* [DATASET EXTRACT]
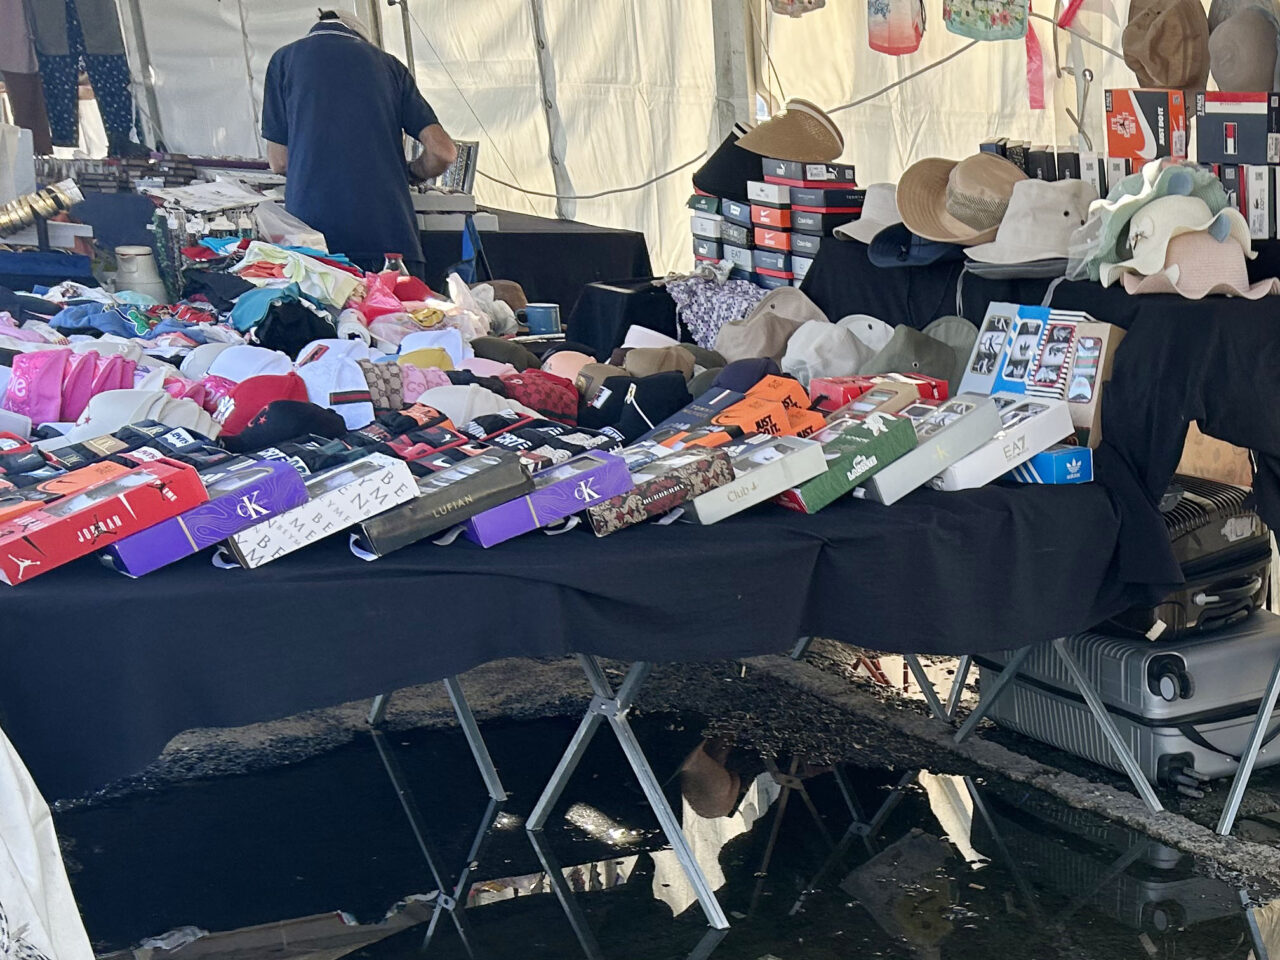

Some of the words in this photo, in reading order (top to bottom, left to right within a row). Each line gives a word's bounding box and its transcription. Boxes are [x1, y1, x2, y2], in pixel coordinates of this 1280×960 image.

[755, 414, 773, 432] JUST
[1002, 434, 1026, 459] EA7
[431, 494, 474, 518] LUFIAN
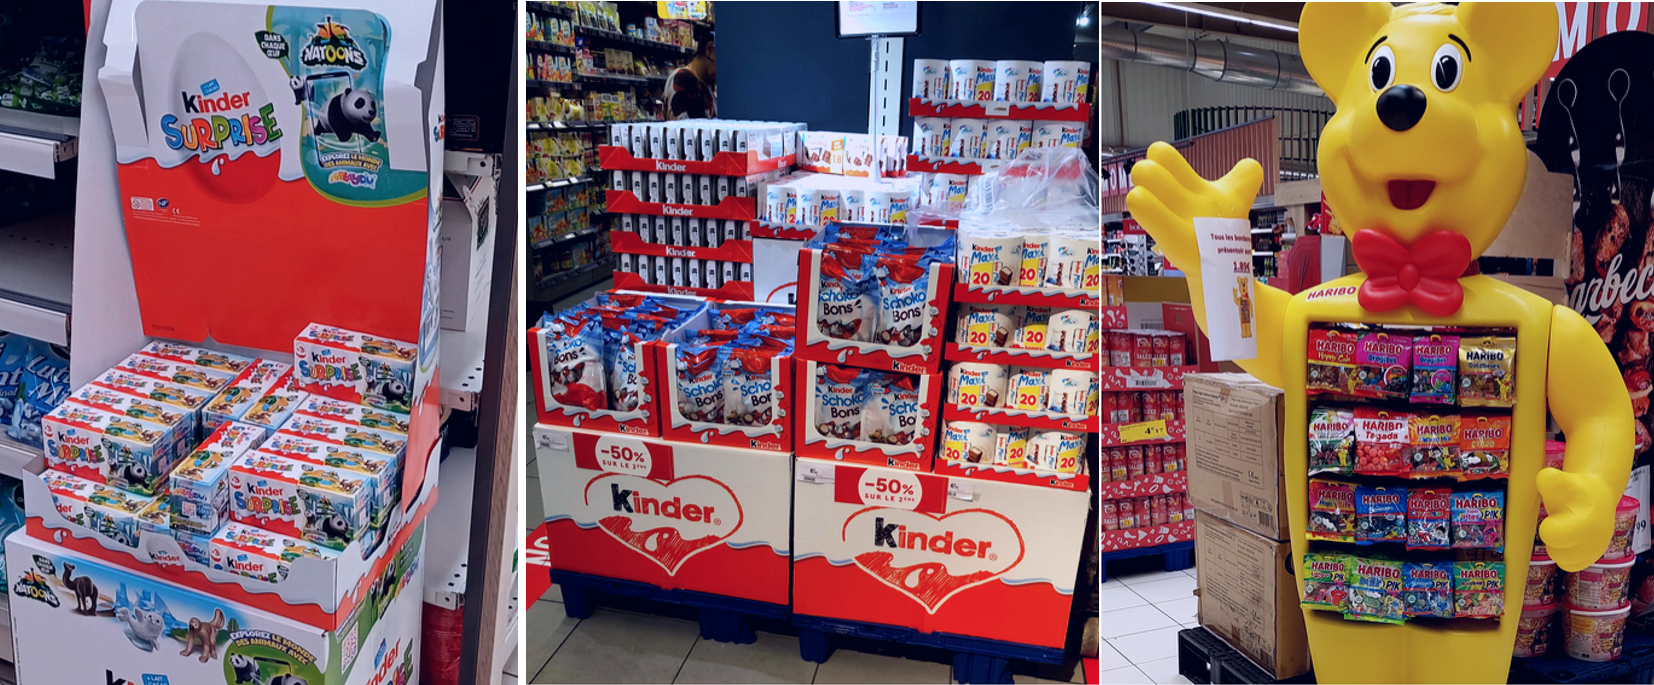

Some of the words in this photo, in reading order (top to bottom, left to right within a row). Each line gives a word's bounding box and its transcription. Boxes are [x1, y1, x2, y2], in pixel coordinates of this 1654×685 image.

* [TASK REQUIREMENTS] Everything in the records above must be repeated exactly, except the pictures.

* [RESULT FOR THIS TASK]
Some of the words in this photo, in reading order (top to bottom, left to right within a row). Each line gives a word's bounding box and its transcription. Boxes are [x1, y1, x2, y2], in pixel coordinates of this 1280×960 image.

[755, 414, 773, 432] JUST
[1002, 434, 1026, 459] EA7
[431, 494, 474, 518] LUFIAN

Some of the words in this photo, in reading order (top to bottom, left to right within a row). Each line gives a word's bounding box and its transcription. Boxes are [x1, y1, x2, y2], in pixel coordinates of this 1654×685 image.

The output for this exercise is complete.